Après s’être interrogé sur la notion même de Préambule et avoir pris la mesure de la richesse du texte qui, à l’issue d’un processus complexe de sédimentation historique, est aujourd’hui en vigueur en France, le comité se devait de fixer sa propre doctrine sur un certain nombre de points de méthode qui s’annonçaient récurrents.
Pour relever de la méthode, ces questions n’en mettent pas moins en jeu l’idée qu’il s’est fait de la fonction du pouvoir constituant en matière de droits fondamentaux. C’est donc après y avoir longuement réfléchi que le comité a élaboré sa doctrine et s’est efforcé de la fixer sous la forme de quatre principes de base :
A. Respecter l’héritage constitutionnel français,

B. Assurer l’intangibilité de l’œuvre constitutionnelle récente,

C. Ne suggérer d’enrichissement du Préambule que s’il possède sans conteste un effet utile,

D. Conserver à l’intervention du pouvoir constituant un rôle subsidiaire.

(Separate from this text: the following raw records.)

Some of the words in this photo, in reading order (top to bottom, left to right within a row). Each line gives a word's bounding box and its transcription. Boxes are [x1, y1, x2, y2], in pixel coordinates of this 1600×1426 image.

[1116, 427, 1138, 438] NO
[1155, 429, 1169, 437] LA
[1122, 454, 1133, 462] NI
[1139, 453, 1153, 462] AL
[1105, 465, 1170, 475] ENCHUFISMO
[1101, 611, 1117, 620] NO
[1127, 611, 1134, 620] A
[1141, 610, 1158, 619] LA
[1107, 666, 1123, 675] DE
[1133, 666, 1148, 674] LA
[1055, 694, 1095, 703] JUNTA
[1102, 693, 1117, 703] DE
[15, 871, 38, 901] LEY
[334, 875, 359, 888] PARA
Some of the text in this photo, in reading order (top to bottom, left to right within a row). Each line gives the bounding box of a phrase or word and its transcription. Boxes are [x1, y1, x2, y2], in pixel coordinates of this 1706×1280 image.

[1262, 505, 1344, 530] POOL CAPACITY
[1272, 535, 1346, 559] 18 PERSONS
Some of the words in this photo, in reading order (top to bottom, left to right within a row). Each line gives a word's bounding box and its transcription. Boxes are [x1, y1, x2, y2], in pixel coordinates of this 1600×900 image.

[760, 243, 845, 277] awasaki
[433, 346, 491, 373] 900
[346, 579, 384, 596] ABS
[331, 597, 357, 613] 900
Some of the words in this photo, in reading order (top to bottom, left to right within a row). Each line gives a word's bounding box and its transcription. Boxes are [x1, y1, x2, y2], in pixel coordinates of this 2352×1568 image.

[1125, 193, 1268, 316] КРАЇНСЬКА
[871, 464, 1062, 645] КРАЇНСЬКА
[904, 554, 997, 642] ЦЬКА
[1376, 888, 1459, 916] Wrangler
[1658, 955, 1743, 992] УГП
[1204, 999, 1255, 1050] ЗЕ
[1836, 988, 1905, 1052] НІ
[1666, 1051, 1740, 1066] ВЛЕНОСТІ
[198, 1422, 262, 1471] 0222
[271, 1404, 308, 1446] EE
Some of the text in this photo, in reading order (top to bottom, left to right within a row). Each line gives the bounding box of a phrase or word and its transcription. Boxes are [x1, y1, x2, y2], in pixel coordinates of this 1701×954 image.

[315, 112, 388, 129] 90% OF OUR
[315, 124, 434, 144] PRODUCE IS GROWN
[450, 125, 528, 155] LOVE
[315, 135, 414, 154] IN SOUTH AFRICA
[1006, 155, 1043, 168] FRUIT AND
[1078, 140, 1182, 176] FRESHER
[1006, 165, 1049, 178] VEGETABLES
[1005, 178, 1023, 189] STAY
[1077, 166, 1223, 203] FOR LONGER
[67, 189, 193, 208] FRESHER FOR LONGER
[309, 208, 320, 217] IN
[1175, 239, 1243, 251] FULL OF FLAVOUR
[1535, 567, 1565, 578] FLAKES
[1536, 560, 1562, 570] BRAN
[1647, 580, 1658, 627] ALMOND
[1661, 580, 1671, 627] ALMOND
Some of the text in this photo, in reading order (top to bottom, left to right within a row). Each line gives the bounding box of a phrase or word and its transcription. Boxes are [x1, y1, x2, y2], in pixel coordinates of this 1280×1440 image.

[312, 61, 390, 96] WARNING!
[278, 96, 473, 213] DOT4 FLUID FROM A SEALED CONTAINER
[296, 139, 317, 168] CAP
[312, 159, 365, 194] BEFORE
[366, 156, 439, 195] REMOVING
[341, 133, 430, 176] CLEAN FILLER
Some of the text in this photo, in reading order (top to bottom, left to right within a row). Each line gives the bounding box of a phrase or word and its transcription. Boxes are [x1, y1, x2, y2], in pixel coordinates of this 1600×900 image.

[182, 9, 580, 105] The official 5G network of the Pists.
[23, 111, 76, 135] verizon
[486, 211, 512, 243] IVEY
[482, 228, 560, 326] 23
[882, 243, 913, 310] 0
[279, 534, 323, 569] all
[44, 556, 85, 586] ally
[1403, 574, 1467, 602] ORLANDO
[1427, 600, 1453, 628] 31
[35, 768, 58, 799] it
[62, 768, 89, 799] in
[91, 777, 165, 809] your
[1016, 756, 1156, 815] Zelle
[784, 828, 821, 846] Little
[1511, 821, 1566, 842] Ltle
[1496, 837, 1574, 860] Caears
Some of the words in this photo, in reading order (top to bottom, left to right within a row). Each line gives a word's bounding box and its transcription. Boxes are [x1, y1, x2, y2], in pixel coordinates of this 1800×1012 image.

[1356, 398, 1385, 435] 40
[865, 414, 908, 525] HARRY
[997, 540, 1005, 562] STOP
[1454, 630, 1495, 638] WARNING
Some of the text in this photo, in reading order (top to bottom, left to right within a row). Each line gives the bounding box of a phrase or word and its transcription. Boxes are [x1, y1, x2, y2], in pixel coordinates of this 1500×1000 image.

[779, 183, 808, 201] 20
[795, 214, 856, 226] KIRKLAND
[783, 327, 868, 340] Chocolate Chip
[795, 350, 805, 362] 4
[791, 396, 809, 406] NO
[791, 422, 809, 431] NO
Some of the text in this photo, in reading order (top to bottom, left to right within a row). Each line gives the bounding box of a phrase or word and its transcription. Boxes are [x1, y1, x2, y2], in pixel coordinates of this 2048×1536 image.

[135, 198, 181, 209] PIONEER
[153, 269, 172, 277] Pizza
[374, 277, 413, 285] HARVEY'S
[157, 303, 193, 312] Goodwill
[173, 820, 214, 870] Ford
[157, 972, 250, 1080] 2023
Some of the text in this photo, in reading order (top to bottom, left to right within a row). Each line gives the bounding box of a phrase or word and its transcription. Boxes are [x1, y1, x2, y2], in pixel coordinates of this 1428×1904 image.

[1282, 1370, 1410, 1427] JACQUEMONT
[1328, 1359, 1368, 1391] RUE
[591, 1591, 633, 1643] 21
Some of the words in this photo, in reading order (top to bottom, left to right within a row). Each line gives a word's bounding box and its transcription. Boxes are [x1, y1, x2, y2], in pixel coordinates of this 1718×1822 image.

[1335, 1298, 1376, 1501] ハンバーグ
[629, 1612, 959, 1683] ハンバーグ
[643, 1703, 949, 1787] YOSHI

A.- Principe n° 1 : respecter l’héritage constitutionnel français.

Le comité s’est initialement demandé si, dans la perspective d’une vaste remise à plat de l’existant, et même si le lettre de mission ne le préconisait pas, il n’y aurait pas eu lieu d’entreprendre une refonte complète du Préambule, ce qui aurait impliqué une réécriture, une réorganisation, voire une remise en cause des textes de 1789, 1946 et 2004.
Merveilleuse aurore” selon Alexis de Tocqueville, la Déclaration de 1789, à la portée universelle, énonce des principes formels (à la différence des déclarations américaines antérieures, soucieuses de pragmatisme).
Elle consacre en premier lieu les droits de l’homme en tant que personne : l’égalité (article 1er) ; la liberté (article 1er), dont la célèbre définition est donnée par l’article 4 et qui est déclinée en liberté physique : sûreté, résistance à l’oppression (article 2), principe de légalité des délits et des peines, principe de nécessité et de non-rétroactivité de la loi pénale (articles 7 et 8), principe de présomption d’innocence (article 9) - ainsi qu’en liberté intellectuelle : liberté d’opinion et de conscience (article 10), liberté d’expression (article 11) ; enfin, le droit de propriété (articles 2 et 17).
Elle développe en second lieu les droits de l’homme dans sa relation avec la Nation : droit de concourir personnellement ou par des représentants à l’élaboration de la loi (article 6) ; égal accès aux dignités, places et emplois publics (article 6) ; indivisibilité de la souveraineté nationale (article 3), principe de garantie des droits (article 16) ; principe du consentement à l’impôt et de son égale répartition (article 14) ; principe d’une force publique (article 12) ; principe du contrôle et de la responsabilité de l’administration (article 15).
Outre sa référence à la Déclaration de 1789 et aux principes fondamentaux reconnus par les lois de la République, le Préambule de 1946 énonce des principes “particulièrement nécessaires à notre temps” qui peuvent être qualifiés de droits sociaux : par ces droits nouveaux, l’individu, qui avait bénéficié en 1789 de “facultés d’agir”, jouit désormais de “possibilités d’agir18, essentiellement dans le domaine économique.
Il s’agit là de droits conférés à certaines catégories de personnes : les femmes se voient garantir des droits égaux à ceux des hommes (alinéa 3) et, en tant que mères, avec les enfants et les travailleurs âgés, la protection de la santé, la sécurité matérielle, le repos et les loisirs (alinéa 11) ; la famille, comme l’individu, se voient assurer les conditions nécessaires à leur développement (alinéa 10) ; tout être humain dans l’incapacité de travailler se voit accorder le droit d’obtenir de la collectivité des moyens convenables d’existence (alinéa 11) ; l’individu persécuté en raison de son action en faveur de la liberté se voit octroyer le droit d’asile (alinéa 4).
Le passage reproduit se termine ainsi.